**Your assignment:** One exact copy of the listing is needed. It should contain no pictures.

** Exercise material follows **

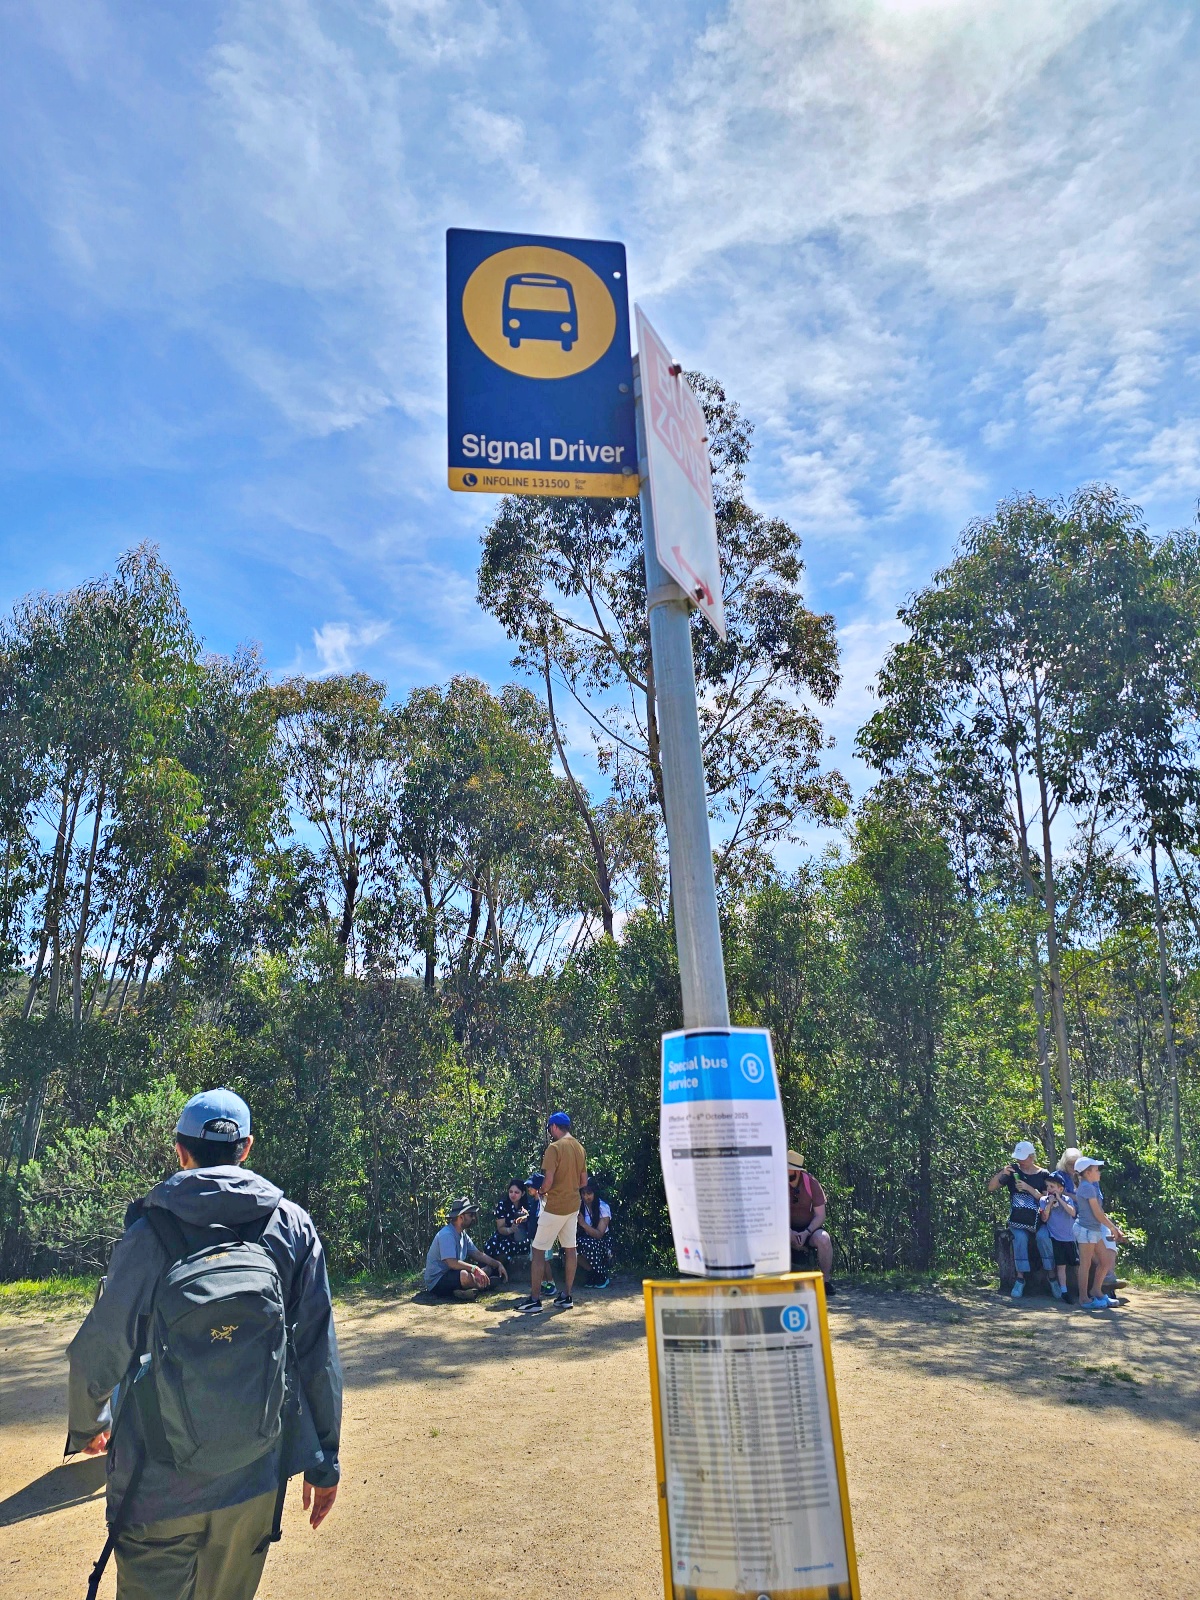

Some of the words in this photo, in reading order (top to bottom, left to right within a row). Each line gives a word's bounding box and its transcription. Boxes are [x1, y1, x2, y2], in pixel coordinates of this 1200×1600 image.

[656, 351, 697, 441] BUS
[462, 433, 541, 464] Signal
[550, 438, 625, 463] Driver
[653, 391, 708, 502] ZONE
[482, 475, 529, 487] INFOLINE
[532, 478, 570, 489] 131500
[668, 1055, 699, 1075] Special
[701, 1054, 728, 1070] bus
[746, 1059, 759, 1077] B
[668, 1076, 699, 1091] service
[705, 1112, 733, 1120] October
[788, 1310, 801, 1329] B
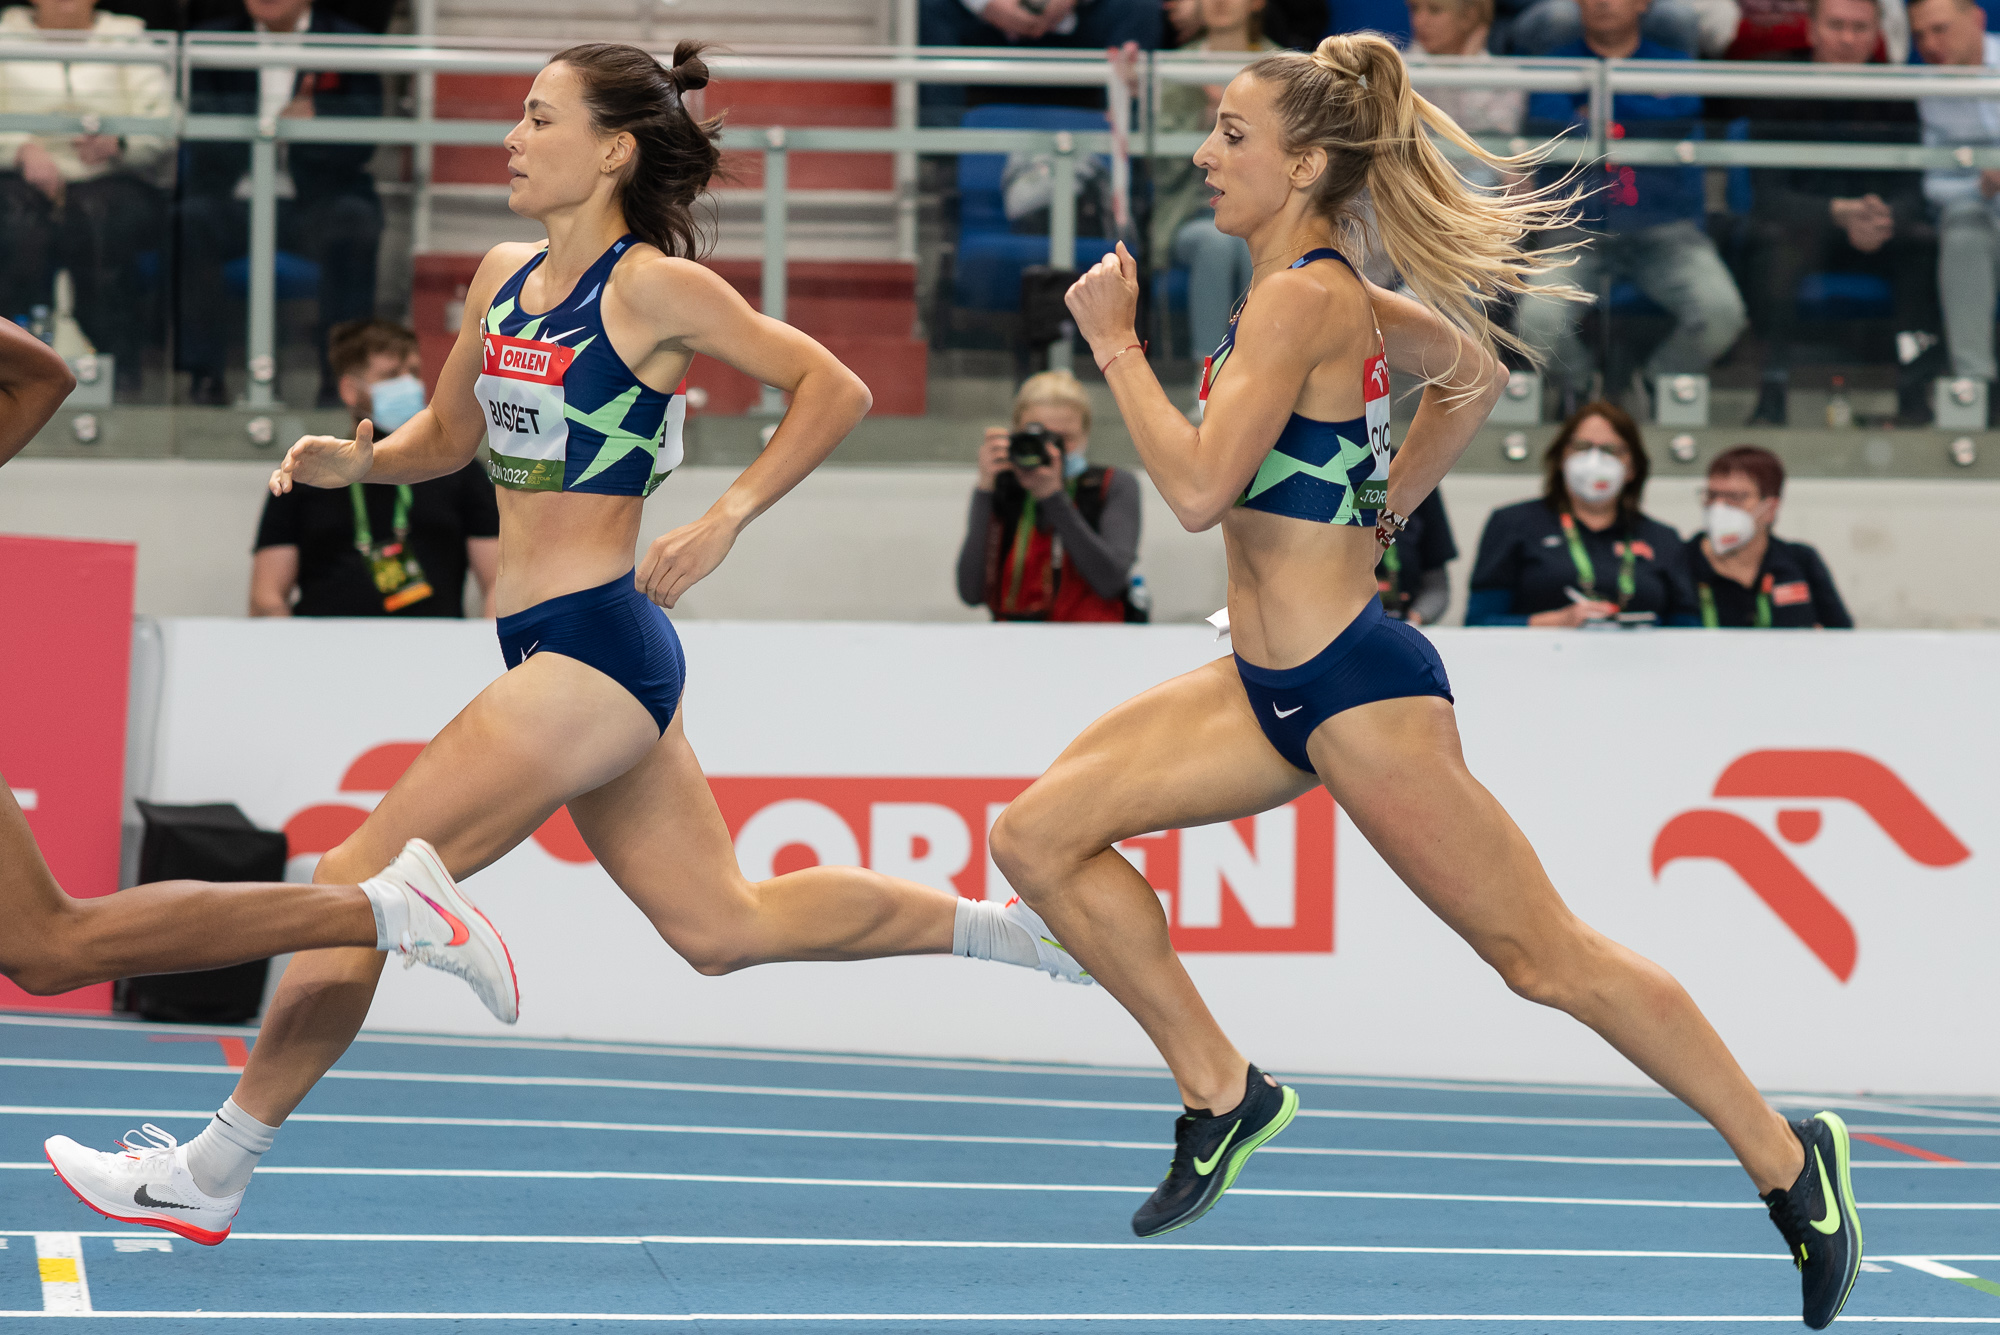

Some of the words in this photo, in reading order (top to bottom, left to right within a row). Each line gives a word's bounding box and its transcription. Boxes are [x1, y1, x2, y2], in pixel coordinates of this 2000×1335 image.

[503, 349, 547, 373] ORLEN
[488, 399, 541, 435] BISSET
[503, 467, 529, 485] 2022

** End of Exercise material **

**Output:**
Some of the words in this photo, in reading order (top to bottom, left to right within a row). Each line gives a word's bounding box and its transcription. Boxes are [x1, y1, x2, y2], in pixel coordinates of this 1200×1600 image.

[656, 351, 697, 441] BUS
[462, 433, 541, 464] Signal
[550, 438, 625, 463] Driver
[653, 391, 708, 502] ZONE
[482, 475, 529, 487] INFOLINE
[532, 478, 570, 489] 131500
[668, 1055, 699, 1075] Special
[701, 1054, 728, 1070] bus
[746, 1059, 759, 1077] B
[668, 1076, 699, 1091] service
[705, 1112, 733, 1120] October
[788, 1310, 801, 1329] B

Some of the words in this photo, in reading order (top to bottom, left to right within a row). Each line gives a word's bounding box and its transcription. Boxes are [x1, y1, x2, y2], in pixel coordinates of this 2000×1335 image.

[503, 349, 547, 373] ORLEN
[488, 399, 541, 435] BISSET
[503, 467, 529, 485] 2022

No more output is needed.